Hi
I have tried the following but I get errors:
#description = response.xpath('//div[@id="highlighted"]')
#description = response.xpath('//div[@id="highlighted"]').extract()
description = response.xpath('//div[@id="highlighted"]')[0]
#description = response.xpath('//div[@id="highlighted"]')[0].extract()
#parser = HTMLParser(encoding='utf-8', recover=True)
#tree = et.parse(StringIO(description), parser)
tree = et.parse( StringIO(description) )
#tree = et.parse( description )
for element in tree.xpath('//*[@class="bullets"]'):
element.getparent().remove(element)
print et.tostring(tree, pretty_print=True, xml_declaration=True)
But if it works when I try the following:
parser = HTMLParser(encoding='utf-8', recover=True)
tree = et.parse(StringIO(response.body), parser)

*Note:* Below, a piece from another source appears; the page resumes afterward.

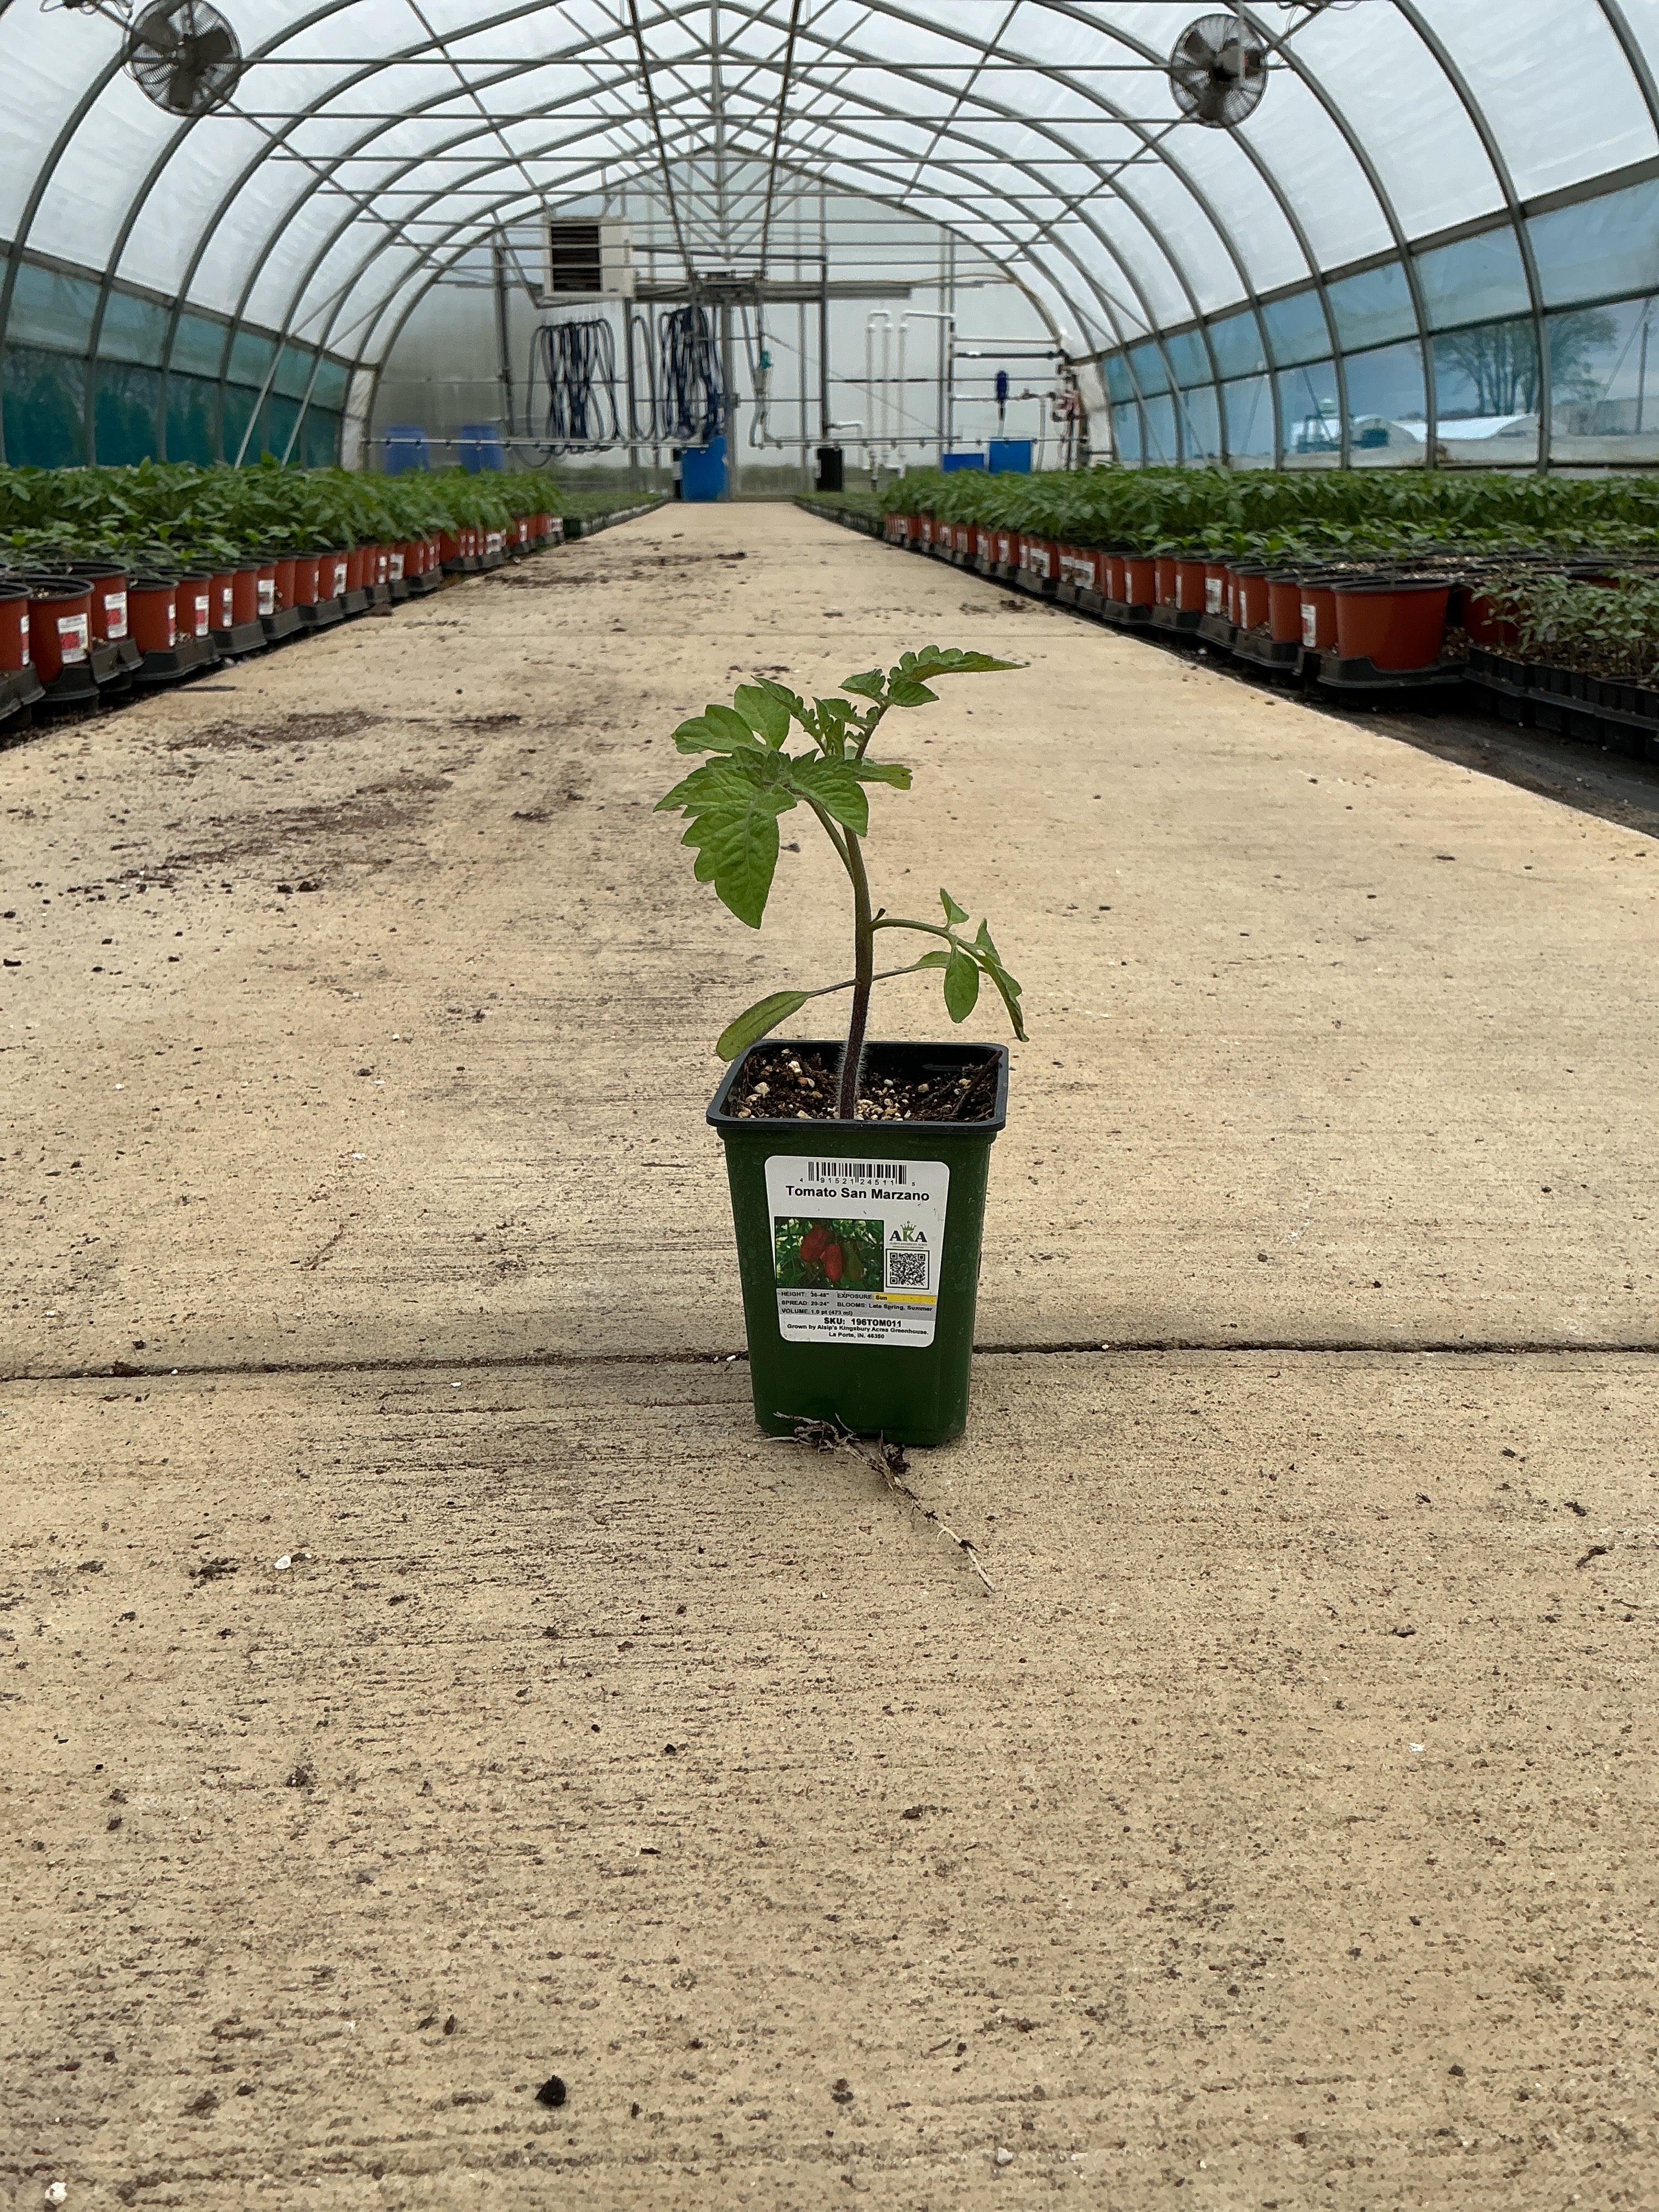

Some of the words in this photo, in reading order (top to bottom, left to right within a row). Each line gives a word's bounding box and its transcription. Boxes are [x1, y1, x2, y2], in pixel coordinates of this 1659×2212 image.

for element in tree.xpath('//*[@id="highlighted"]/*[@class="bullets"]'):
element.getparent().remove(element)
# Return all body if no delimit xpath
print et.tostring(tree.xpath('//div[@id="highlighted"]')[0],
pretty_print=True, xml_declaration=True)
Thanks
2015-05-03 21:47 GMT+02:00 Anto <[email protected]>:
> Hello:
>
> I am trying to capture data from a website and do not have a fixed
> structure, so that I do not think to use xpath for each part. I've been
> hours trying to delete nodes children of the captured xpath, but I can't,
> only occurs to me do so via regular expressions...
>
> The website has the following html:
>
> <div id="highlighted">\n
> <div class="bullets">\n
> <p class="headLine"><span>text</span></p>\n
> <ul>
> <li>text 1</li>
> <li>text 2</li>
> <li>text 3</li>
> <li>text 4</li>
> </ul>
> </div>\n \n\n
> <p>\n Other text</p>\n
> <br>
> <h3>title</h3>\n\n
> <p>description</p>\n\n
> <p>\xa0</p>\n\n
> <h3>title 2</h3>\n\n
> <ul>
> <li>optional</li>
> </ul>
> <p>
> <br>Text</p>\n\n
> <ul>
> <li>option 1</li>
> <li>option 2</li>
> <li>option 3</li>
> </ul>
> <h3>title 3</h3>\n\n
> <p>text</p>\n\n
> <ul>
> <li>text</li>
> </ul>
> <p>text</p>\n\n
> <h3>title 4</h3>
> </div>
>
> I have tested with the following options:
>
> response.xpath('//*[@id="highlighted"][not(@class="bullets")]').extract()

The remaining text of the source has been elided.